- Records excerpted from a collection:
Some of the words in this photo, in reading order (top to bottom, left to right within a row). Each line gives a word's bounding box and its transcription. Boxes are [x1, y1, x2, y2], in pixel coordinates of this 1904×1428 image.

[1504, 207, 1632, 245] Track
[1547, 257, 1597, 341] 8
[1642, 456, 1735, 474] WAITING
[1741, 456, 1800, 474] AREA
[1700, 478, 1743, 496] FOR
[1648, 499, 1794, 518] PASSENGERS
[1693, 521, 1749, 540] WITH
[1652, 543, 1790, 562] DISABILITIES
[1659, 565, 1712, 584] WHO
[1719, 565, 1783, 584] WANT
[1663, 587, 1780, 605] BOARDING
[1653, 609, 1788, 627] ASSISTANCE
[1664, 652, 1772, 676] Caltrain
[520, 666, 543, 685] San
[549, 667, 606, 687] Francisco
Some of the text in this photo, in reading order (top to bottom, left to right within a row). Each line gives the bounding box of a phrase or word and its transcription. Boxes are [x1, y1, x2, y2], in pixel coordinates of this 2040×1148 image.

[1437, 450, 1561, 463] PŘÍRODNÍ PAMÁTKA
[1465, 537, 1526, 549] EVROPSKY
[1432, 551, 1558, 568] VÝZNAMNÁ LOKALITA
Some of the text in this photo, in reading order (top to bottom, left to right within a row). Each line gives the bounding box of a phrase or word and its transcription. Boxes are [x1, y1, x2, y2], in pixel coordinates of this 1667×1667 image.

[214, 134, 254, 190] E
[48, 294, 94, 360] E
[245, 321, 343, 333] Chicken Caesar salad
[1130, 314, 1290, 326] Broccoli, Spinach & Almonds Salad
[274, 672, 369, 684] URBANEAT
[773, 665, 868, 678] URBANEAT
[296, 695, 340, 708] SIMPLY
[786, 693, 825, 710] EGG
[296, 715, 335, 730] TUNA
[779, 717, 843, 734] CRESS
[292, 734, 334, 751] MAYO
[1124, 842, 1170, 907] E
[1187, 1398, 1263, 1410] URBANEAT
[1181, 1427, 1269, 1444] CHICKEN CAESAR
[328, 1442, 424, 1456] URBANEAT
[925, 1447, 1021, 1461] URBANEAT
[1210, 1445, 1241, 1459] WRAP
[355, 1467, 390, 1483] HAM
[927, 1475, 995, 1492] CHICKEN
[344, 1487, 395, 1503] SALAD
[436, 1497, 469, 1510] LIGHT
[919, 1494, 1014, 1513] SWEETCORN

- Work order:
The full set of records above must be retyped exactly.

- Your solution:
Some of the words in this photo, in reading order (top to bottom, left to right within a row). Each line gives a word's bounding box and its transcription. Boxes are [x1, y1, x2, y2], in pixel coordinates of this 1904×1428 image.

[1504, 207, 1632, 245] Track
[1547, 257, 1597, 341] 8
[1642, 456, 1735, 474] WAITING
[1741, 456, 1800, 474] AREA
[1700, 478, 1743, 496] FOR
[1648, 499, 1794, 518] PASSENGERS
[1693, 521, 1749, 540] WITH
[1652, 543, 1790, 562] DISABILITIES
[1659, 565, 1712, 584] WHO
[1719, 565, 1783, 584] WANT
[1663, 587, 1780, 605] BOARDING
[1653, 609, 1788, 627] ASSISTANCE
[1664, 652, 1772, 676] Caltrain
[520, 666, 543, 685] San
[549, 667, 606, 687] Francisco
Some of the text in this photo, in reading order (top to bottom, left to right within a row). Each line gives the bounding box of a phrase or word and its transcription. Boxes are [x1, y1, x2, y2], in pixel coordinates of this 2040×1148 image.

[1437, 450, 1561, 463] PŘÍRODNÍ PAMÁTKA
[1465, 537, 1526, 549] EVROPSKY
[1432, 551, 1558, 568] VÝZNAMNÁ LOKALITA
Some of the text in this photo, in reading order (top to bottom, left to right within a row). Each line gives the bounding box of a phrase or word and its transcription. Boxes are [x1, y1, x2, y2], in pixel coordinates of this 1667×1667 image.

[214, 134, 254, 190] E
[48, 294, 94, 360] E
[245, 321, 343, 333] Chicken Caesar salad
[1130, 314, 1290, 326] Broccoli, Spinach & Almonds Salad
[274, 672, 369, 684] URBANEAT
[773, 665, 868, 678] URBANEAT
[296, 695, 340, 708] SIMPLY
[786, 693, 825, 710] EGG
[296, 715, 335, 730] TUNA
[779, 717, 843, 734] CRESS
[292, 734, 334, 751] MAYO
[1124, 842, 1170, 907] E
[1187, 1398, 1263, 1410] URBANEAT
[1181, 1427, 1269, 1444] CHICKEN CAESAR
[328, 1442, 424, 1456] URBANEAT
[925, 1447, 1021, 1461] URBANEAT
[1210, 1445, 1241, 1459] WRAP
[355, 1467, 390, 1483] HAM
[927, 1475, 995, 1492] CHICKEN
[344, 1487, 395, 1503] SALAD
[436, 1497, 469, 1510] LIGHT
[919, 1494, 1014, 1513] SWEETCORN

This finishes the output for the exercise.